1.   General courts-martial may be convened by the President, the Secretary of Defense, and certain authorized military officers. 10 U.S.C. § 822. Once a military judge or the court members adjudge a sentence, the convening authority takes action on the sentence and may approve or disapprove it in whole or in part, so long as the severity of punishment is not increased. See Rule for Courts-Martial 1107(a), (d). The court members here sentenced Mr. Squire to twenty years in prison and a reduction in rank. The convening authority approved 238 months' confinement and the rank reduction.

2.   Mr. Squire filed his § 2241 petition in the United States District Court for the District of Columbia, which transferred the petition to the District of Kansas.

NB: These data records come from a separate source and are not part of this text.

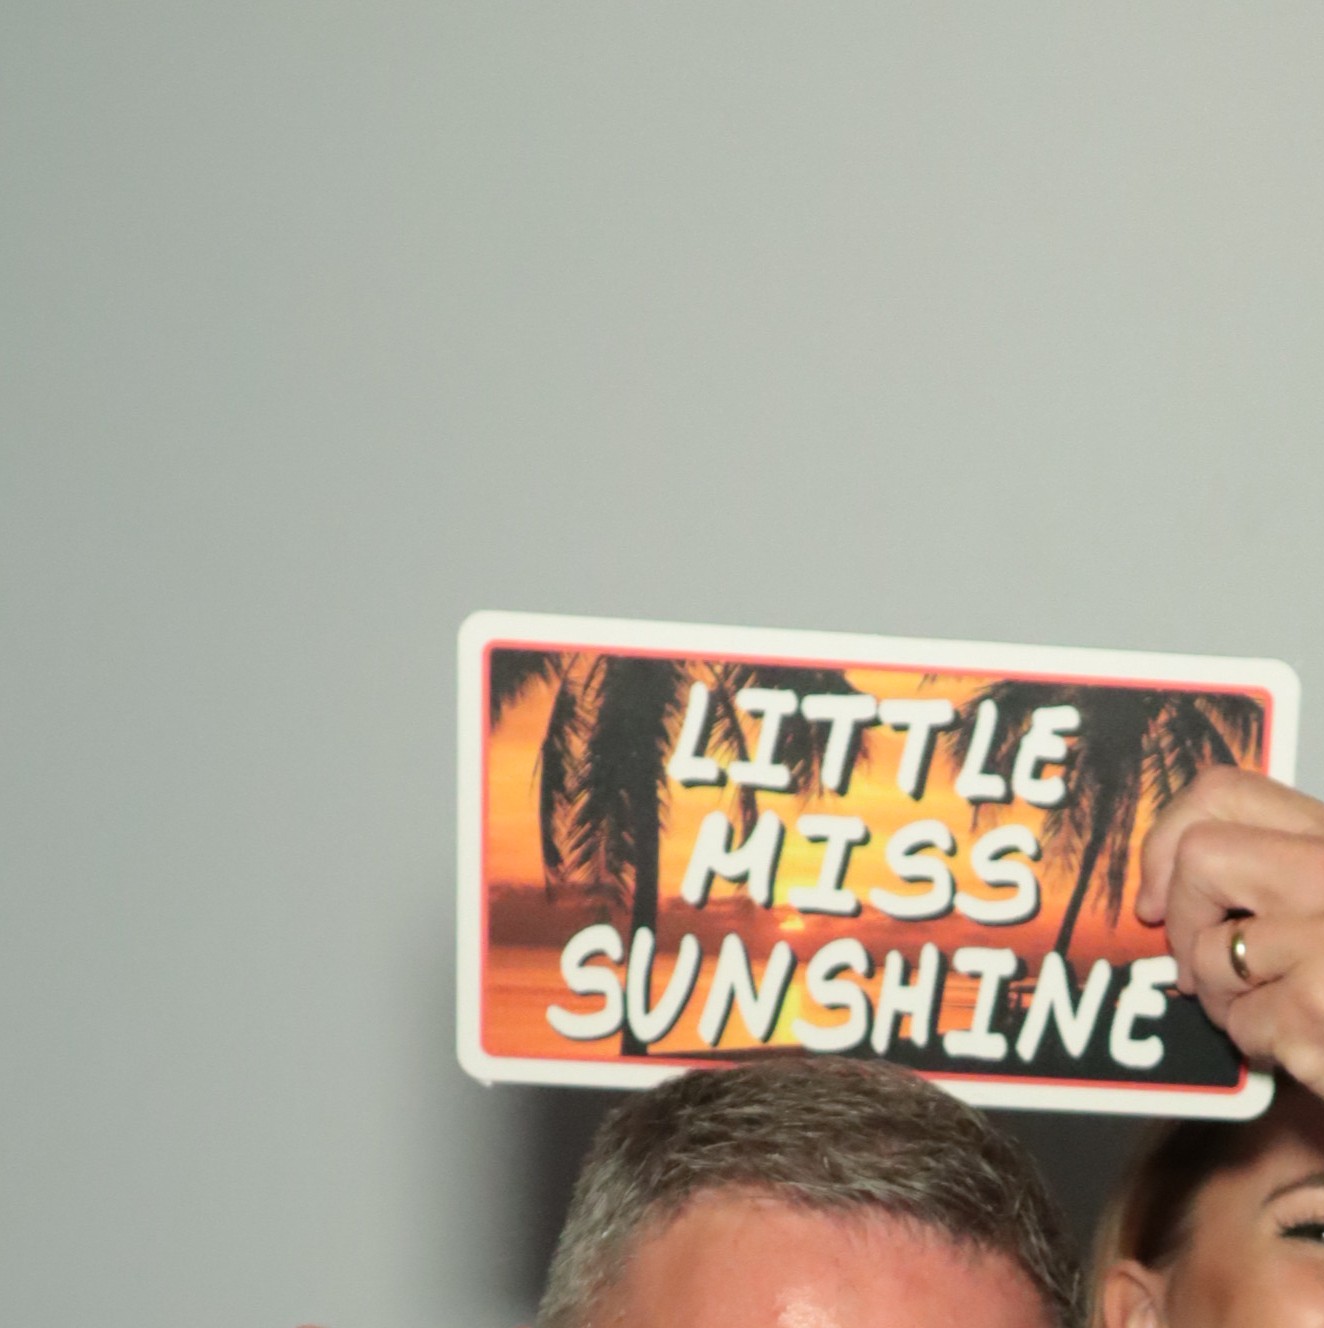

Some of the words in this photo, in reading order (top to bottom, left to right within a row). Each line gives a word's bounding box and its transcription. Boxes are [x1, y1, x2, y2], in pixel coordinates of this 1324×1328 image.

[667, 681, 1080, 805] LITTLE
[680, 809, 1041, 923] MISS
[547, 924, 1178, 1068] SUNSHINE
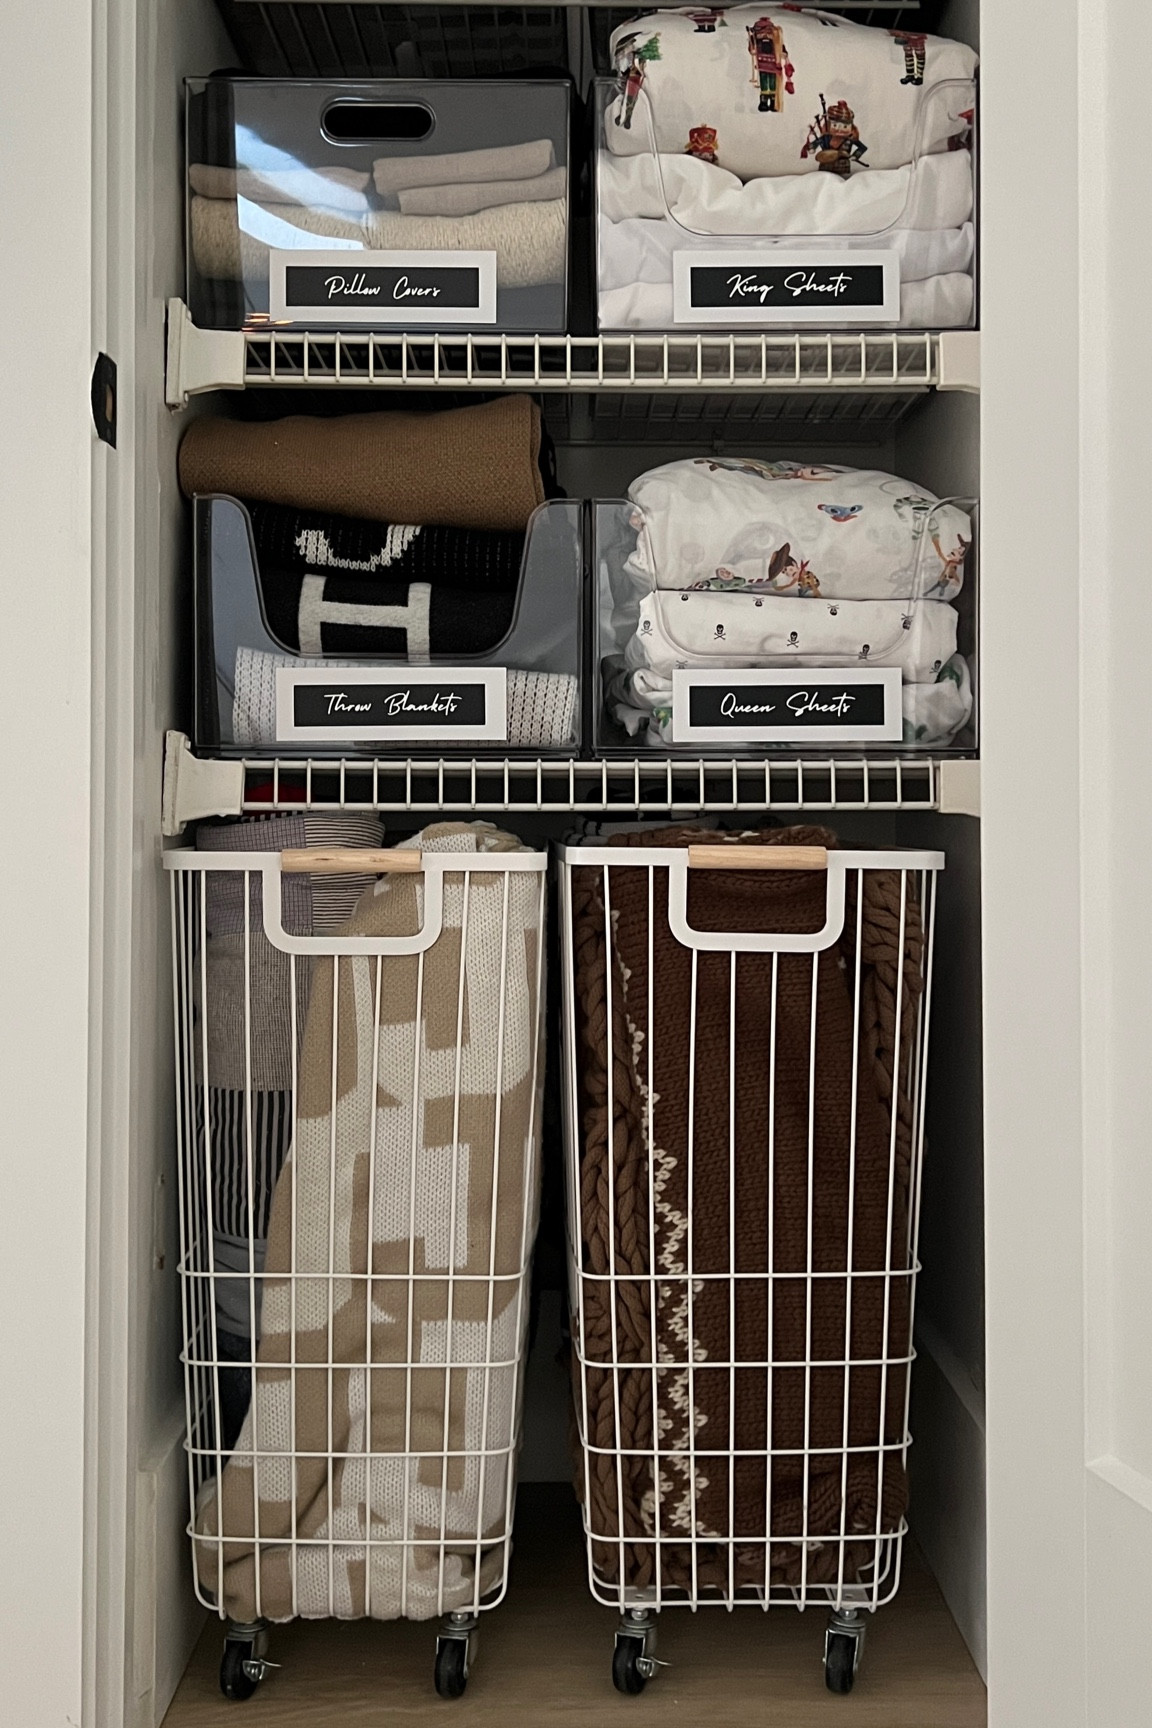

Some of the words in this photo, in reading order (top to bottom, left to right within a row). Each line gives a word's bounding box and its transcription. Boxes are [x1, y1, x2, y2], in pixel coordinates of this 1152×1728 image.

[325, 273, 380, 299] Pillow
[393, 276, 440, 299] Covers
[727, 274, 773, 302] King
[784, 272, 852, 296] Sheets
[324, 693, 371, 714] Throw
[384, 690, 462, 715] Blankets
[721, 693, 775, 718] Queen
[786, 692, 855, 716] Sheets

3.   The district court read Mr. Squire's petition to raise an additional claim based on insufficient evidence, but we do not read the petition so broadly. The petition lists three specifically enumerated claims, with clear subheadings, none challenging the sufficiency of the evidence. The only reference to insufficient evidence is an isolated statement within his claim under the Confrontation Clause, asserting that “the evidence presented at trial, and more importantly, the evidence NOT presented at trial due to his trial counsel's failures, was not sufficient for the members to find it ‘more likely than not’ that he was guilty.” Aplee. Supp. App. at 35. This single, isolated statement did not raise an independent habeas claim, as Mr. Squire apparently acknowledges on appeal. See Aplt. Br. at 16-17 (listing habeas claims without any reference to a claim of insufficient evidence).

4.   Mr. Squire does not contend that he raised this claim in his counselled appeal brief to the ACCA, in which he advanced a different theory to challenge the DNA evidence, namely, that the trial judge abused her discretion in admitting the DNA evidence because there was “a fatal break in the chain of custody.” Aplt. App., Vol. 1 at 22 (capitalization omitted).

5.   Although we offer no opinion on the merits of this claim, the ACCA noted that counsel did object to the admission of the rape kit, apparently quite vigorously. See Aplt. App., Vol. 4 at 224 n.5.